WHEREFORE, the decision of the Regional Trial Court of Toledo City, Branch 29, finding accused-appellants Dionisio Guanson and Danilo Guanson guilty of murder and sentencing them to suffer the penalty of reclusion perpetua, is AFFIRMED with the MODIFICATION that accused-appellants are ordered to pay the heirs of Francisco Piala the amount of P50,000.00 as civil indemnity, P50,000.00 as moral damages and P6,000.00 as actual damages.


Davide, Jr., C.J., (Chairman), Puno, Kapunan, and Pardo, JJ., concur.

[1] Rollo, p. 8.

[2] Exh. "E", Records, p. 22.

[3] Records, p. 424.

[4] Decision penned by Judge Gualberto P. Delgado.

[5] Francisco, Evidence, Volume VII, Part II, 1997 ed., p. 335, citing 2 Jones on Evidence, 4th ed., p. 964, 32 C.J.S. 476.

[6] Ibid., p. 336, citing 20 Am.

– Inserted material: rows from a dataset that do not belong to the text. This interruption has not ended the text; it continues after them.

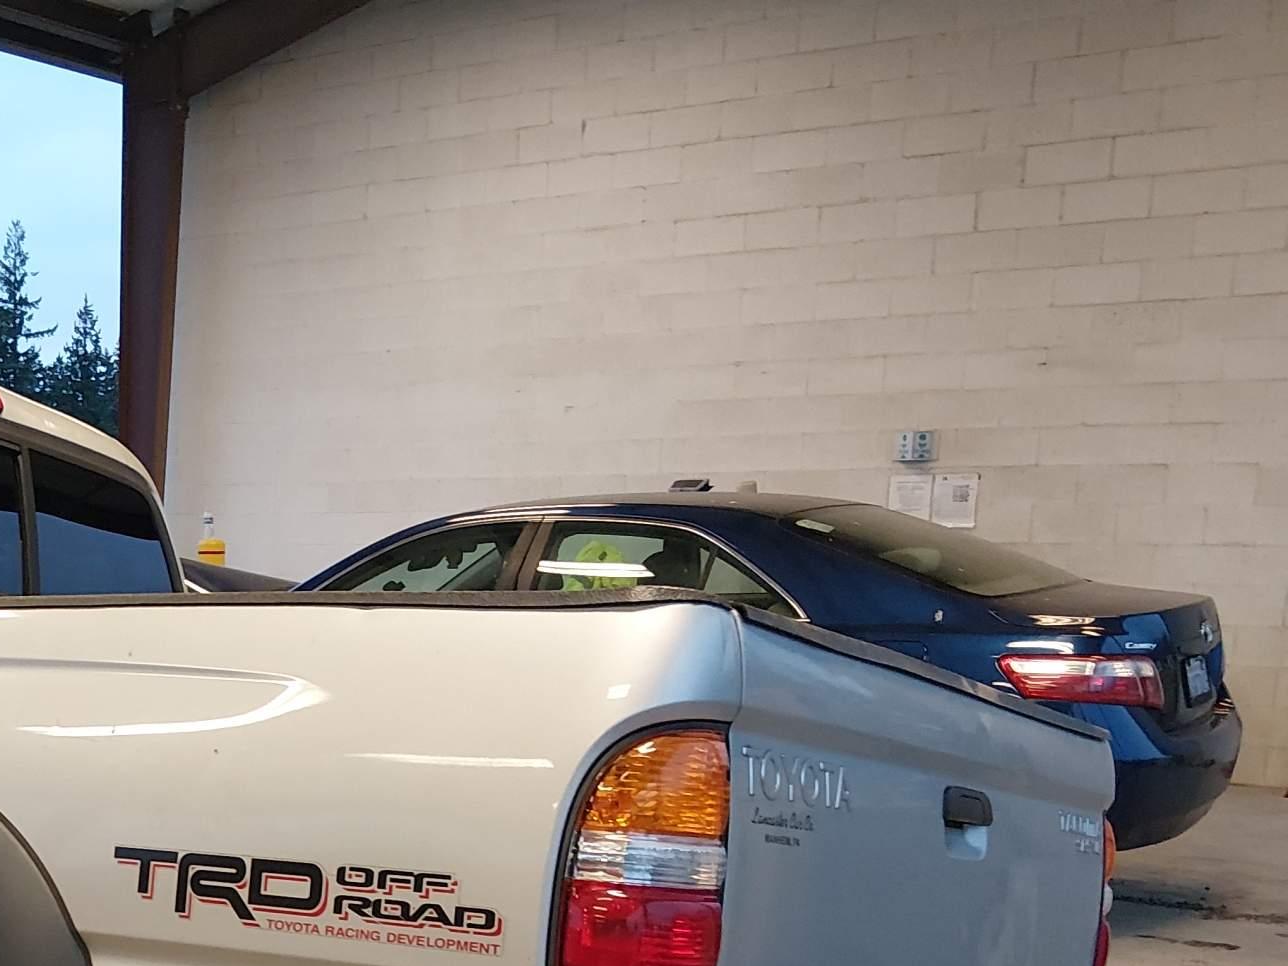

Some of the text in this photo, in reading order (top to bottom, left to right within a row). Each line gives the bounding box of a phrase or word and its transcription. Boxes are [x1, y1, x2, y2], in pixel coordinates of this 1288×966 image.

[741, 744, 851, 812] TOYOTA
[114, 845, 328, 927] TRD
[336, 865, 459, 899] OFF
[266, 917, 502, 956] TOYOTA RACING DEVELOPMENT
[332, 894, 503, 938] ROAD

Jur. 766-767.

[7] Op. cit., note 5.

[8] Grefalde v. Sandiganbayan and People, G.R. No. 136505, December 15, 2000.

[9] Fernando v. Tan, 314 SCRA 413 [1999].

[10] People v. Gaviola, 327 SCRA 580 [2000].

[11] People v. Gonzales, 337 SCRA 169 [2000].

[12] People v. Bacunawa, G.R. No. 136859, April 16, 2001.

[13] People v. Gonzales, 337 SCRA 169 [2000].

[14] People v. Mallari, 310 SCRA 621 [1999].

[15] People v. Liwanag, G.R. No. 120468, August 15, 2001.